- **WHAT THE EXERCISE ASKS**: Give all the lines below again, exactly, with no pictures.

◇ ◇ ◇ ◇

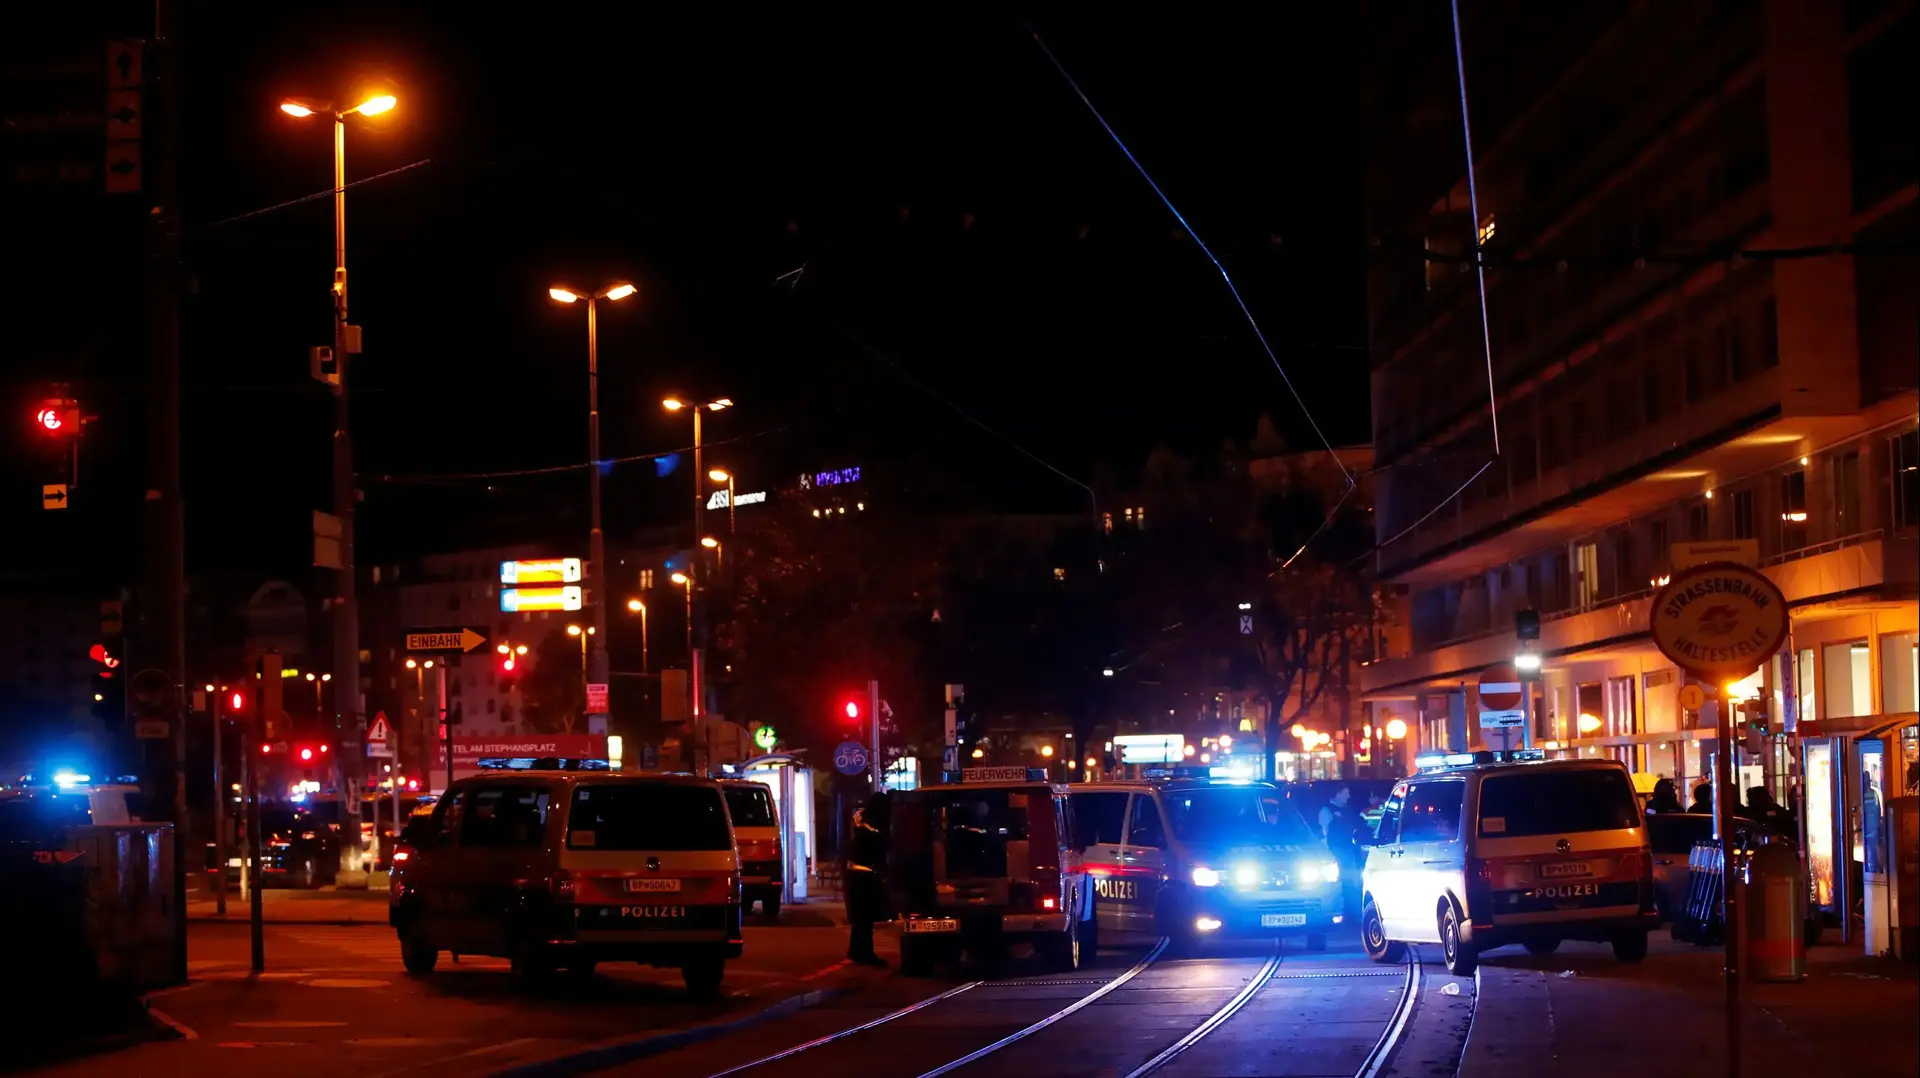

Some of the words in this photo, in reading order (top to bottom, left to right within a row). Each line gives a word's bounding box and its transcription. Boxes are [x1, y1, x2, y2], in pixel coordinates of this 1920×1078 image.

[1665, 577, 1771, 619] STRASSENBAHN
[410, 634, 461, 648] EINBAHN
[1673, 627, 1769, 663] HALTESTELLE
[439, 744, 469, 754] HTEL
[470, 744, 483, 753] AM
[484, 743, 556, 753] STEPHANSPLATZ
[963, 768, 1025, 781] FEUERWEHR
[1535, 884, 1599, 898] POLIZEI
[621, 906, 686, 918] POLIZEI

◇ ◇ ◇ ◇

- **ANSWER SECTION**:
Some of the words in this photo, in reading order (top to bottom, left to right within a row). Each line gives a word's bounding box and its transcription. Boxes are [x1, y1, x2, y2], in pixel coordinates of this 1920×1078 image.

[1665, 577, 1771, 619] STRASSENBAHN
[410, 634, 461, 648] EINBAHN
[1673, 627, 1769, 663] HALTESTELLE
[439, 744, 469, 754] HTEL
[470, 744, 483, 753] AM
[484, 743, 556, 753] STEPHANSPLATZ
[963, 768, 1025, 781] FEUERWEHR
[1535, 884, 1599, 898] POLIZEI
[621, 906, 686, 918] POLIZEI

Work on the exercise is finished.